14 5 / 2012
Sick Boy

Here’s a top parenting tip: don’t have a sick baby. Better yet, don’t have a baby at all. That one piece of advice alone should ensure you many years of happy contentment – but if you really must insist on saddling your life with a squawking, little flesh bag, for the love of god, don’t get a sick one.
It was inevitable really. I’m not the healthiest specimen of humankind myself, suffering, as I do, from chronic asthma, tinnitus and the kind of immune defence system which makes Heathrow Border Control look like Checkpoint Charlie. My wife, on the other hand, is made from much sterner stuff. She runs. She swims. She climbs mountains. She loves all that outdoorsy stuff – and by outdoorsy I don’t mean sitting around in a beer garden (something I’ve come to learn from regrettable personal experience). So when it comes to making a baby, you might think her strong, healthy, mountain climbing DNA would trump my weak, feeble, sofa dwelling DNA. And you would be wrong. Like a single rotten apple I have spoiled the whole baby.
Albert doesn’t get sick – sick is his default setting. Occasionally he might come down with a mild bout of wellness, but it never lasts longer than a couple of hours. Our doctor (a rather familiar acquaintance these days) has told us most babies will get, on average, ten colds in their first twelve months, but Albert passed that milestone with half a year to spare.
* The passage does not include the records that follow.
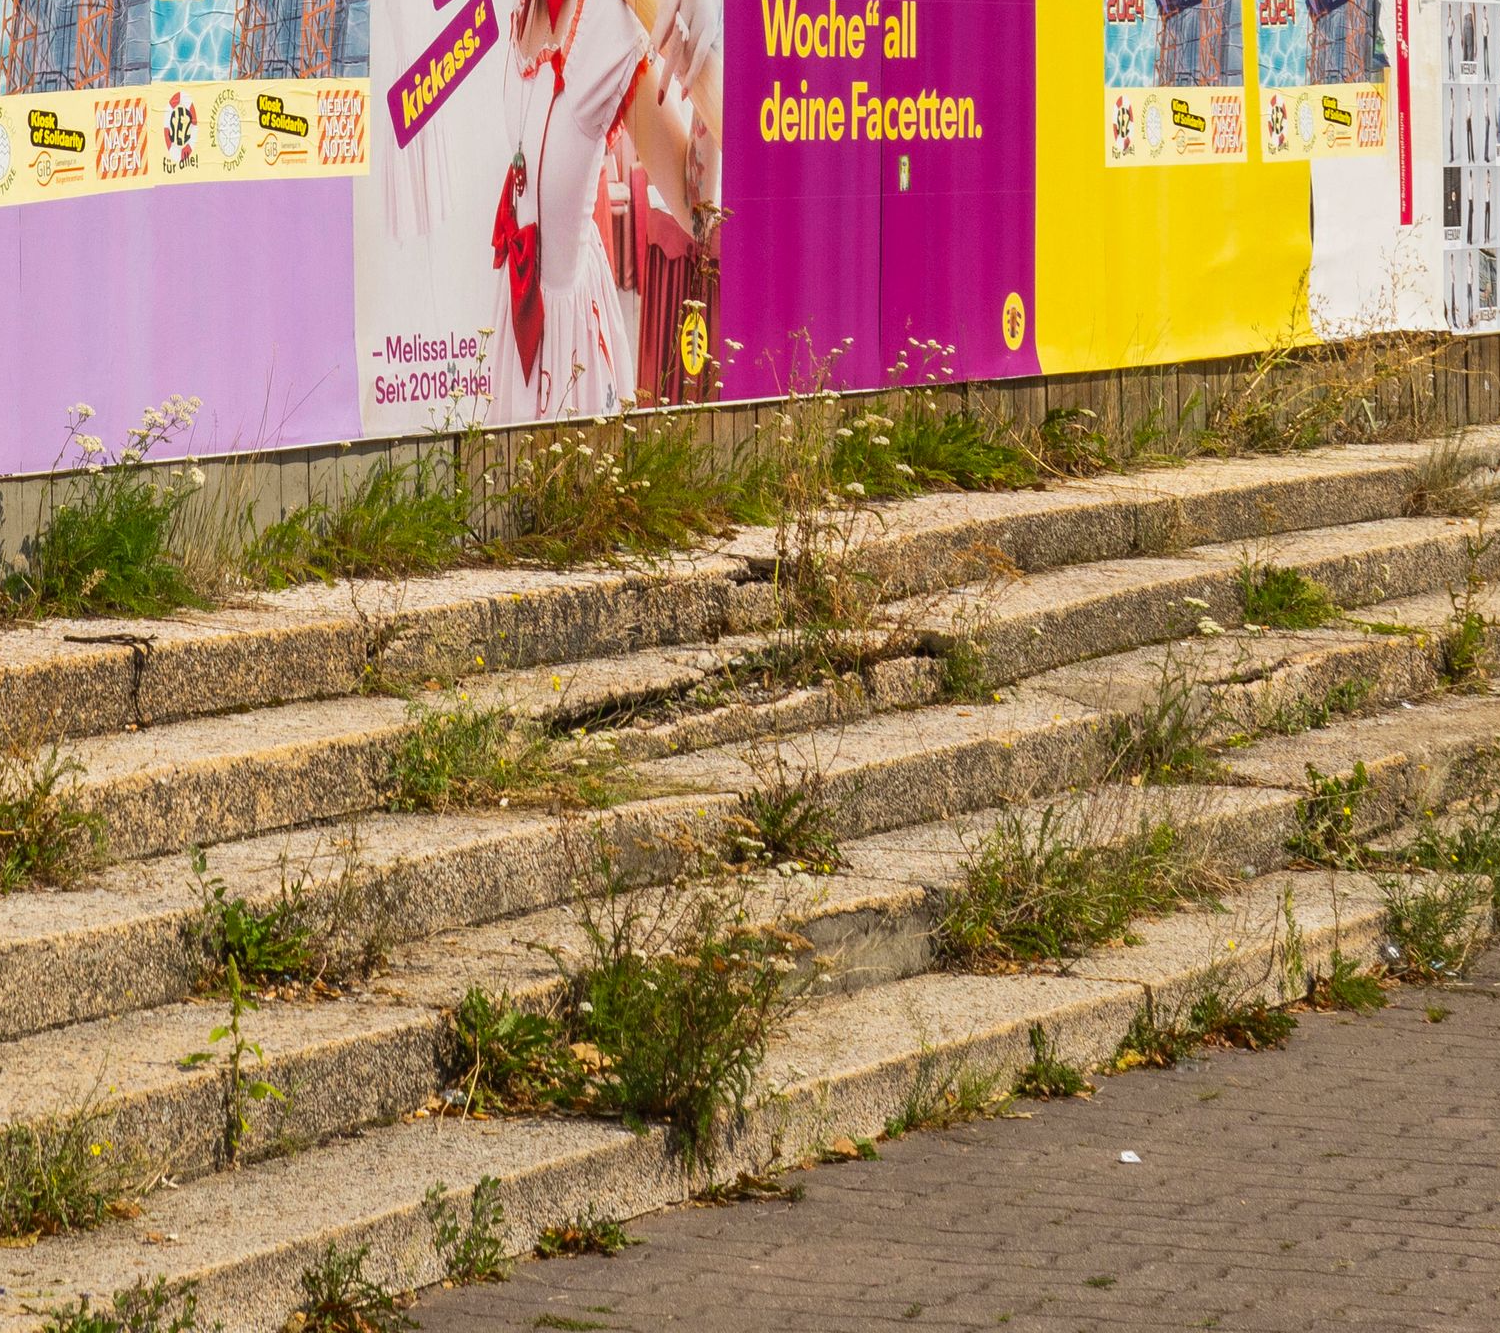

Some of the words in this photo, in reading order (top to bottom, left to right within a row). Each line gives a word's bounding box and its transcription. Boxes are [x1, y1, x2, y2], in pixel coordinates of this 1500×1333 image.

[883, 8, 918, 61] all
[759, 85, 845, 144] deine
[850, 78, 983, 143] Facetten.
[386, 333, 447, 364] Melissa
[451, 332, 477, 359] Lee
[375, 374, 407, 405] Seit
[410, 371, 448, 401] 2018
[449, 366, 491, 397] dabei
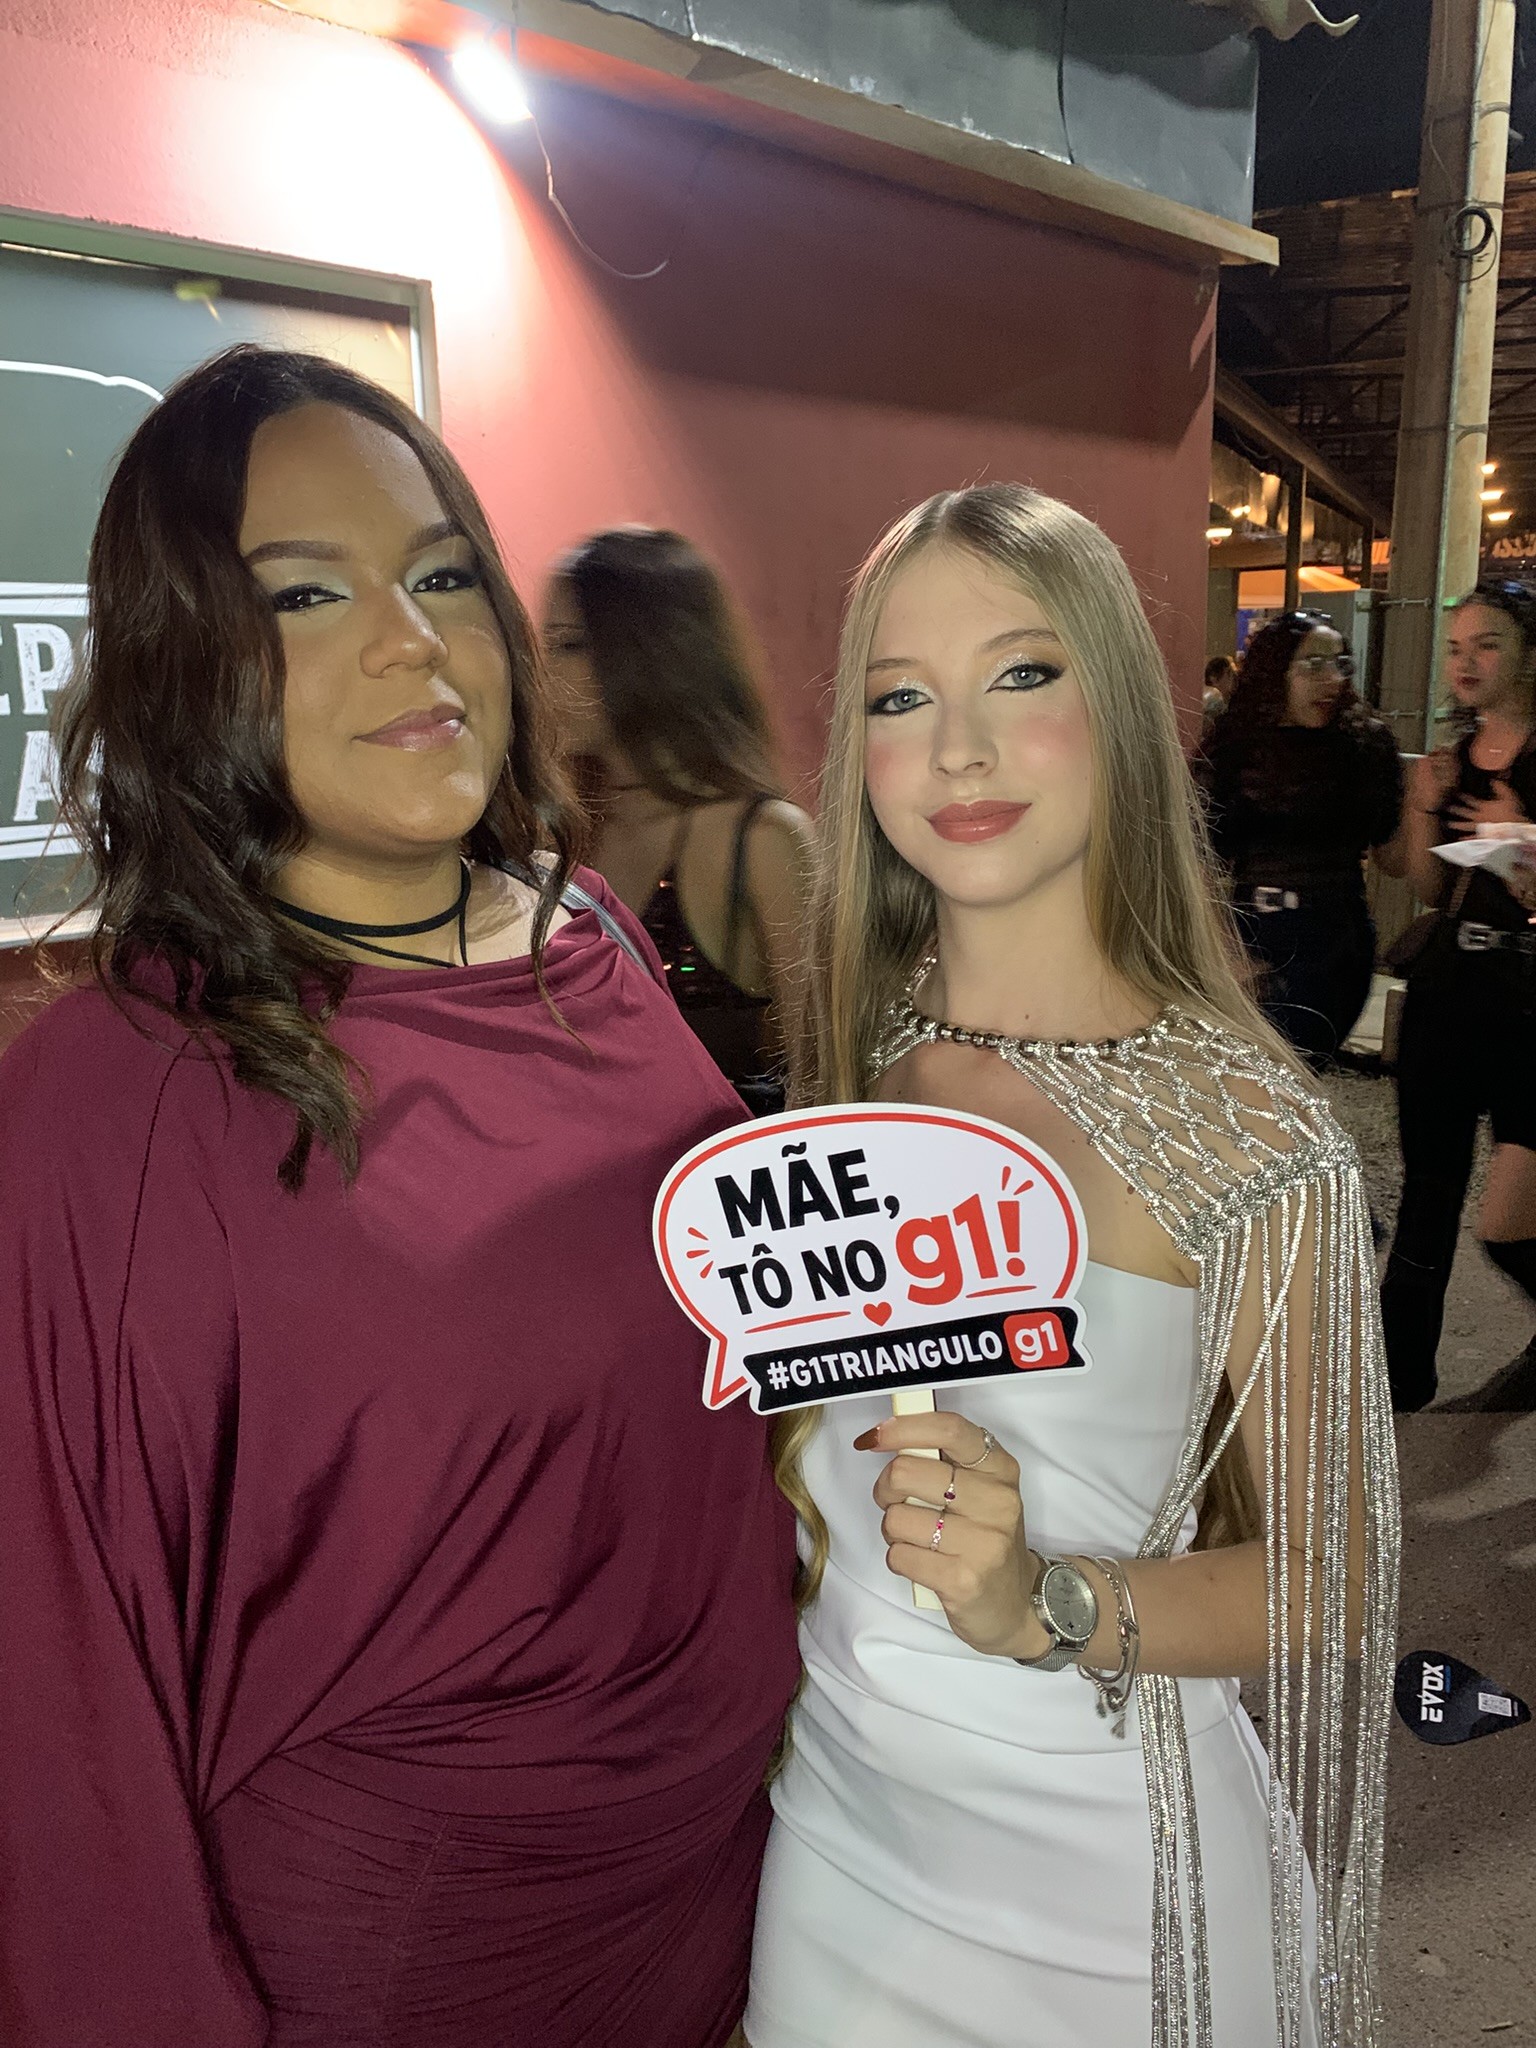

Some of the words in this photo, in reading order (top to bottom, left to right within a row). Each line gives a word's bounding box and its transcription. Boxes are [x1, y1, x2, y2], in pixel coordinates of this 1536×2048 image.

[715, 1142, 900, 1239] MÃE,
[718, 1243, 793, 1315] TÔ
[801, 1239, 888, 1301] NO
[895, 1193, 1026, 1306] g1!
[767, 1330, 1003, 1390] #G1TRIANGULO
[1014, 1321, 1060, 1362] g1
[1418, 1661, 1444, 1723] EVOX
Add a couple of ear infections, chronic reflux, persistent eczema, sporadic wheezing and a severe bout of flu to the mix and I think it’s fair to say we’ve got ourselves a wrong ‘un.
This suspicion was all but confirmed recently with the unwelcome news that Albert is allergic to milk. And eggs. And nuts. Oh, and dust. We weren’t really planning on feeding him that much dust but the other three are a big blow. I try to keep the tone of these blogs fairly light and breezy but I’m struggling to put a brave face on this one. I keep thinking about all the things Albert will probably never get to eat and then I start getting a bit teary. Let’s face it; all the best foods contain one or more of those ingredients, right? A childhood without chocolate is no childhood at all. Jelly and ice cream without ice cream is just jelly, people.
Just. Jelly.
I know there are alternatives out there, and I suppose he can’t miss what he’s never had but it breaks my heart all the same. It’s only a matter of time before he’s at a friend’s birthday party surrounded by other children, all voraciously destroying a rocket-shaped birthday cake – great fistfuls of victoria sponge oozing between their chubby fingers, ice cream smeared through their hair, chocolate dripping from their demented little faces – while he sits alone in the corner, staring dolefully at his bowl of dairy-free soya yoghurt, trying in vain to mould it into a space ship.
Which brings me to a slightly more selfish concern. How are you supposed to control a child without resource to the usual stockpile of dairy inducements? That was going to form the central plank of my parenting strategy. “Finish your dinner and you can have ice cream for dessert.” “Clean up your room and I’ll buy you a Snickers.” That kind of thing. “Stop strangling that pigeon and I’ll give you a breadstick” just doesn’t have the same ring to it, sadly.
I used to be pretty sceptical of people with food allergies. To my cynical mind, it was all a bit of a modern affectation, a bit… trendy. I’m sure nobody had them when I was a kid. But somehow, over the last 20 years or so, everybody developed a lactose intolerance. Then they decided they couldn’t eat nuts anymore either. Or shellfish. Or eggs. And then, finally, wheat and gluten were off the menu too. Pretty soon, I thought, all they’d be allowed to ingest would be meat vapour and plant dust. (“That plant dust is particle-free, yeah?”). Except, shockingly, it turns out that I was wrong and the doctors were right. Maybe this is some kind of karmic retribution for my smug dismissal? If so, it’s poor Albert that’s paying the price. That boy is going to get spoilt rotten – with all the dairy-free soya yoghurt he can eat.